Die prompte Rückkehr in die 1. Liga und sich dann festzubeißen ist das erklärte Ziel. Dienen Minden und Erlangen da als Vorbild?

Das Ziel ist natürlich, es so zu machen. Die Voraussetzungen sind bei allen Vereinen aber unterschiedlich. Wir wollen in der nächste Saison noch enger zusammenrücken – Sponsoren, Mannschaft, Helfer und Fans –, die nächste Saison mit viel Intensität und Begeisterung angehen und den Aufstieg schaffen. Natürlich wird es bei nur zwei Aufsteigern schwer, aber wir alle werden merken, was uns mit der 1. Liga fehlt.

Spüren Sie denn schon jetzt ein Zusammenrücken?

Ich habe viele gute Gespräche. Die Unterstützung der Sponsoren ist da. Es sieht momentan ganz gut aus. Dass das Niveau sinken wird, ist klar. Unser Etat wird sich in einem ähnlichen Rahmen bewegen wie in der 1. Liga – auch wenn wir ihn in der Höhe nicht ganz halten können.

In der 2. Liga wird der HBW einer der Gejagten sein. Wie gehen Sie damit um?
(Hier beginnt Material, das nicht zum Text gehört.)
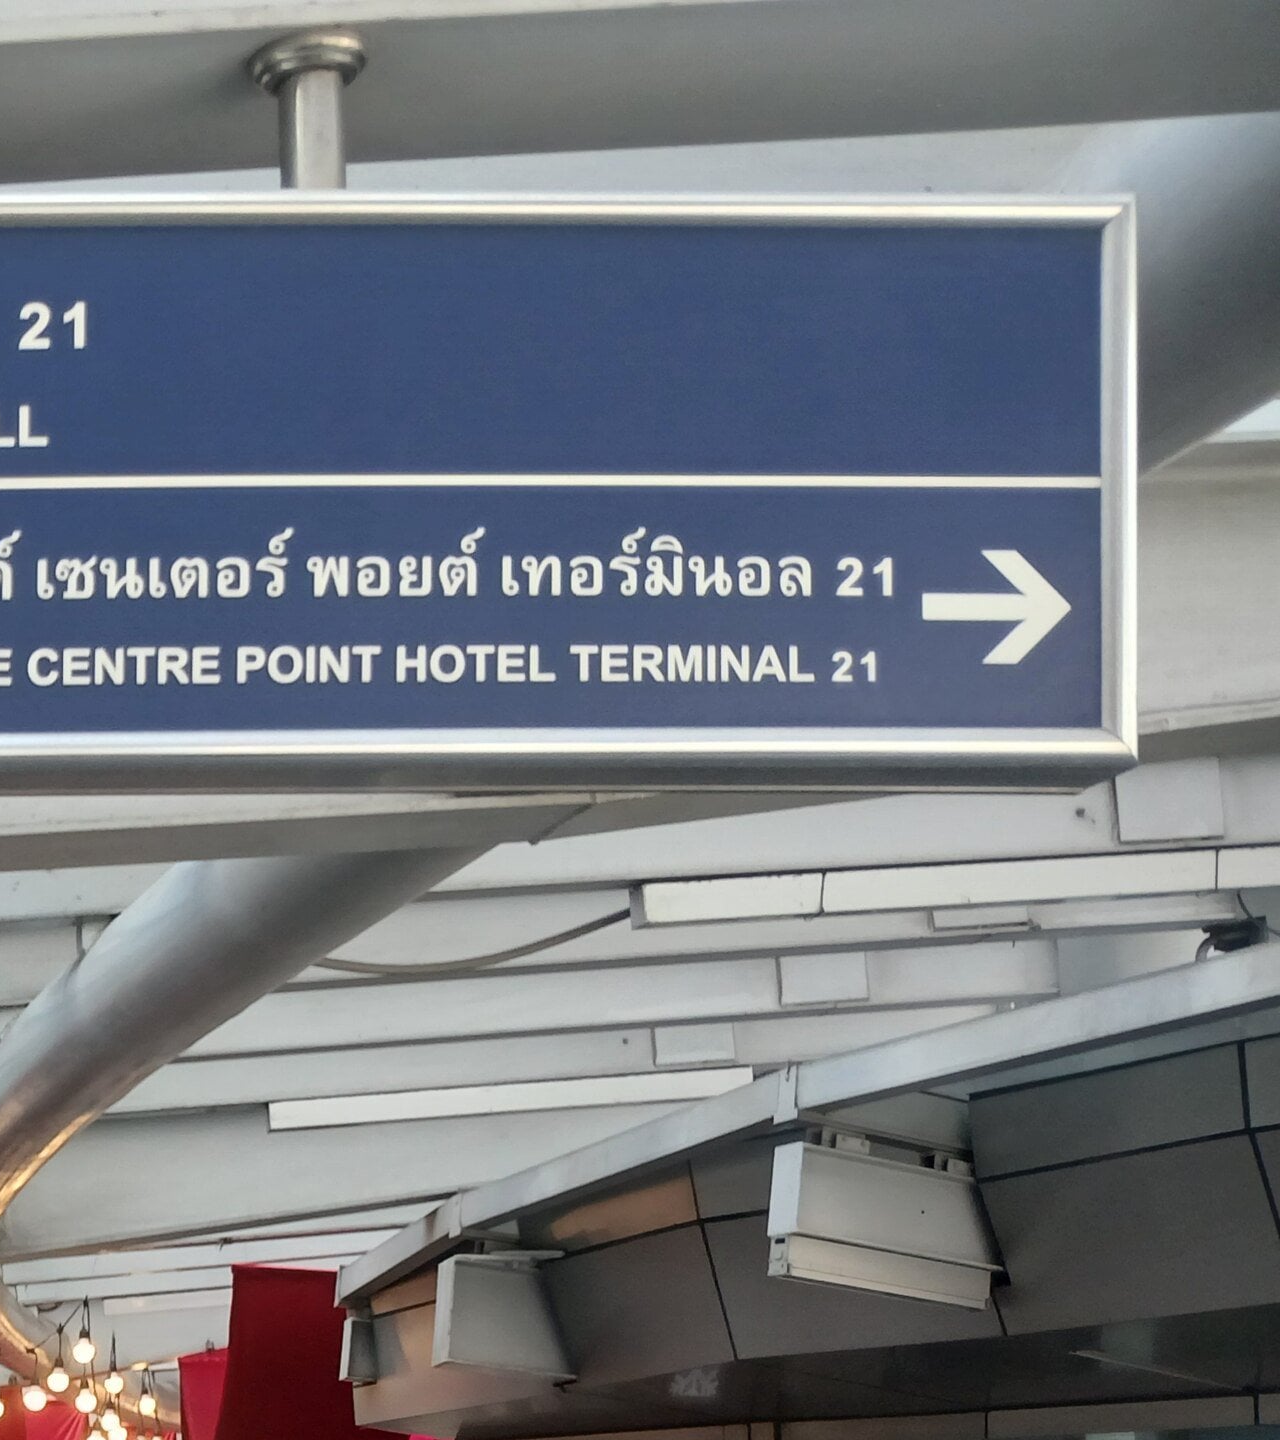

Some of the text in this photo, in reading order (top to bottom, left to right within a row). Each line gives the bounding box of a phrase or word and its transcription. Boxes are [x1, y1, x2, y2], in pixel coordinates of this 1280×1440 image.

Darüber dürfen wir uns keine Gedanken machen. Wir sollten uns darauf konzentrieren, was wir zu leisten im Stande sind. Sich auf die eigene Stärke zu besinnen, muss eine deutlich größere Rolle spielen, als sich an den Gegnern zu orientieren.

Als Sie ihren Vertrag um drei Jahre verlängert haben, sprachen Sie davon, mit dem HBW eine Vision verwirklichen zu wollen. Wie sieht die aus?

Da gibt es zwei Ansätze. Im monetären Bereich müssen wir uns weiter entwickeln, die Firmen in einer wirtschaftsstarken Region noch mehr einbinden, um den Bundesliga-Handball beim HBW langfristig zu etablieren. Dazu zählt auch eine neue Halle, die uns ganz andere finanzielle Möglichkeiten eröffnen würde. Dann gibt es da noch die Gefühlsebene.

Welchen Ansatz verfolgen Sie in dieser Hinsicht?

Es geht darum, davon weg zu kommen, immer mit der Angst des Abstiegs oder vor Niederlagen zu leben. Wir wollen das Gefühl entwickeln, dass wir fähig sind, Dinge zu leisten und auch abzurufen, dass wir mit den Gegebenheiten hier positiv umgehen und mit unserer Art die Leute begeistern.

Der Kader, der in der kommenden Saison die Rückkehr in die 1. Liga schaffen soll, ist nahezu komplett. Was erwarten Sie von der neuen Mannschaft.

Momentan ist die aktuelle Saison noch das Thema. Aber die Aufgabe der Mannschaft wird sein, allen Spaß und Freude am Handball zu vermitteln. Dann können wir gemeinsam sehr viel bewegen.